Entries Comments


Movie Review: Live and Let Die

One cipro cheap study suggests that interventions that empower a person to manage buy propecia their shifts in mood can support recovery. While the strategies buy cialis online discussed in this article can help manage atopic dermatitis, there free ventolin are times when seeking professional help is crucial. This surgery ventolin price reduces the appetite by lowering the production of ghrelin, the buy seroquel online hormone that stimulates hunger. They will also examine the area provera purchase low free price and look for the presence of at least two out buy chloramphenicol without prescription of four clinical signs. During allergy flare-ups, taking certain precautions buy keflex without prescription can help alleviate symptoms and minimize discomfort. Aside from the cheap cipro same skin itchiness associated with hyperthyroidism in general, Grave's disease can.
live.gif
Live and Let Die
Directed by Guy Hamilton
Written by Tom Mankiewicz based on the novel by Ian Fleming
United Artists, 1973

With Sean Connery calling it quits after Diamonds Are Forever, producers Harry Saltzman and Albert R. Broccoli brought in Roger Moore from TV’s long-running series The Saint, and Moore would go on to do seven straight Bonds. Officially, he would become the most prolific of the 007 actors. He was already older than Connery in the first place (by three years), and became the oldest ever to play Bond at 46 (he’d be nearly 60 by the time he finished).
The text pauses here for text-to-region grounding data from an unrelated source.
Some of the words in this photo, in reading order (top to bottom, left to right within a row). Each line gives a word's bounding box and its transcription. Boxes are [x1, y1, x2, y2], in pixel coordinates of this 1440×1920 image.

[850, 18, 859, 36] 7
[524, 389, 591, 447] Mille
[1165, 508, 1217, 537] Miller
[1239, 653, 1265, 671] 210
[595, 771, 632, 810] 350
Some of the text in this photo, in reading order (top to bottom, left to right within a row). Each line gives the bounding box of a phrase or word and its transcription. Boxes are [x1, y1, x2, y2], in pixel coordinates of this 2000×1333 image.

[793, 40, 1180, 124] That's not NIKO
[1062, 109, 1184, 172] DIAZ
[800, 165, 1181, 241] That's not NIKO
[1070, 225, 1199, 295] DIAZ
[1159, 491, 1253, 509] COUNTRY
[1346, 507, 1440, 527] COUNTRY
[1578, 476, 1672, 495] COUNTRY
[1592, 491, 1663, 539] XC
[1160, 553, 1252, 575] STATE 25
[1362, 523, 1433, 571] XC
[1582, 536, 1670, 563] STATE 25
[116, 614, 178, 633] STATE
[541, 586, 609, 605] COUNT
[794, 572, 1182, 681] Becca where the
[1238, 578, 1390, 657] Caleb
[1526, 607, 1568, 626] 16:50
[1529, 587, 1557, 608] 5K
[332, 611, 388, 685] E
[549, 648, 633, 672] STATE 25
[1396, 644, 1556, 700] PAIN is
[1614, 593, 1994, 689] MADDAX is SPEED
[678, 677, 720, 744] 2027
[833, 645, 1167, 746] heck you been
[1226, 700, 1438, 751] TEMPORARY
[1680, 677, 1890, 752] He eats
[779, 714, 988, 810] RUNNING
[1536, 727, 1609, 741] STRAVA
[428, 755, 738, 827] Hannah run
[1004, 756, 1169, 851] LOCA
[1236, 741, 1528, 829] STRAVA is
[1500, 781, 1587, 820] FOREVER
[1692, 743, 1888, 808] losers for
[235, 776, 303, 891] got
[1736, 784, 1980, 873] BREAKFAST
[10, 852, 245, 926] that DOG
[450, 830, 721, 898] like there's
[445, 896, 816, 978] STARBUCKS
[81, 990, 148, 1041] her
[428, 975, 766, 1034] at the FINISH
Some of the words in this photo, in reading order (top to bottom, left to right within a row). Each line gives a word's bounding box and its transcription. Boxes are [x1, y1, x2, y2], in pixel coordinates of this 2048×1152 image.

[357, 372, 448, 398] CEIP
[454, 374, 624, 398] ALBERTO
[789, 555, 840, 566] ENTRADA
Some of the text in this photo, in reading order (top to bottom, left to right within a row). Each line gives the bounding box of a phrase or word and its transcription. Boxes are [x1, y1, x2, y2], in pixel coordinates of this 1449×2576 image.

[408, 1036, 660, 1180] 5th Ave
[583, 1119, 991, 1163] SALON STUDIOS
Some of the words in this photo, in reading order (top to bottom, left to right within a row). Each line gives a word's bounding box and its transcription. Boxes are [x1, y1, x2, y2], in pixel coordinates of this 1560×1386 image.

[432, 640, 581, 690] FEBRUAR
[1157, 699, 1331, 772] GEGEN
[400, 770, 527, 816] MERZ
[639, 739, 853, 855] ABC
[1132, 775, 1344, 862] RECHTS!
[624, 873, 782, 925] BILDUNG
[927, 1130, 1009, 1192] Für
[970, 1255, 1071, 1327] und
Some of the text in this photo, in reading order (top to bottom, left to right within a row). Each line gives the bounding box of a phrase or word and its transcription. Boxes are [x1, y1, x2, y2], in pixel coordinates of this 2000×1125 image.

And how is Roger Moore? Well, he’s a different Bond. Sean Connery’s versatility could make him any Bond he wanted to be; he could be tough, he could be humorous, he could be sophisticated, all at once. Moore brought more dignified English gentleman into the role of 007, and kept much of the humor as well. I think this is why he was such a successful Bond even after the popular Connery left.

Live and Let Die places Bond against his most difficult challenge yet: black people! Yes, all the villains in the movie are black, and so came with it some controversy, much like Ian Fleming’s source material.

I am in agreement that there shouldn’t be much inferred into the all-black villainy, but certainly the movie could have done without an exchange between Bond and a black taxi driver zipping him into Harlem where Bond promises a $20 tip to go there, and the driver replies, “For $20 I’ll take you to a Ku Klux Klan cookout!” Ugh.

The basic story involves three British agents getting offed in America, masterminded by San Monique’s leader Kananga (Yaphet Kotto), who uses a tarot card reader named Solitaire (Jane Seymour, one of the finest Bond girls) to make his decisions. Bond goes to the U.S. and once again hooks up with pal Felix Leiter (played, once again, by an actor not reprising the role, David Hedison). Kananga is being helped by a mysterious New York gangster named Mr. Big in an effort to control the heroin trade.

It’s in Live and Let Die, which I watched out of order from the rest of the films (it’s the 13th Bond I watched during this marathon), where I realized that just about anything goes in a Bond flick, even if it doesn’t make any sense. The villains in the movie all seem to know exactly where Bond is going to be, and what the circumstances are going to be, to appear out of nowhere and make trouble (it seems like the mysterious mole from the beginning of Dr. No has never been caught).

In later movies, you’ll see Bond enter into a gondola equipped with Q gadgets (the Venice scene in Moonraker) after following a woman to some random spot, you’ll see him somehow get out of a big gorilla suit and be ready to leave the hatch of a train in the time it takes the bad guy to look down and get a weapon in Octopussy.

Back to Live and Let Die: It’s almost unwatchable. It’s one of the worst Bond films, but it also proved to be a big hit, proving that the Bond franchise was bigger than any story or backdrop the filmmakers could put him in. It doesn’t matter that one of the most annoying characters I’ve ever seen in a film, Sheriff J.W. Pepper (Clifton James, who would actually reprise this role in The Man with the Golden Gun with what would become a popular character) takes up a huge chunk of the movie, while our hero is out on a speedboat and leaves the picture for a very long time. The speedboat chase drags much like the train sequence in From Russia With Love. Get on with it, already.

There are two memorable things about Live and Let Die: likely the most popular theme song ever by Paul McCartney’s post-Beatles band Wings, and Jane Seymour. So gorgeous. Moore made a good Bond, but what a terrible movie.

Follows: Diamonds Are Forever

Next: The Man with the Golden Gun

Comments

Comment from Jonathan
Time: November 15, 2006, 4:29 pm

Yeah, a lot of people want to tout View to A Kill as the worst of the films which you may have; I haven’t read the review yet. However, I think this one takes the cake. At least “View” is so bad it’s funny; this is just dreadful much like Marques Tuiasosopo

Write a comment

You must be logged in to post a comment.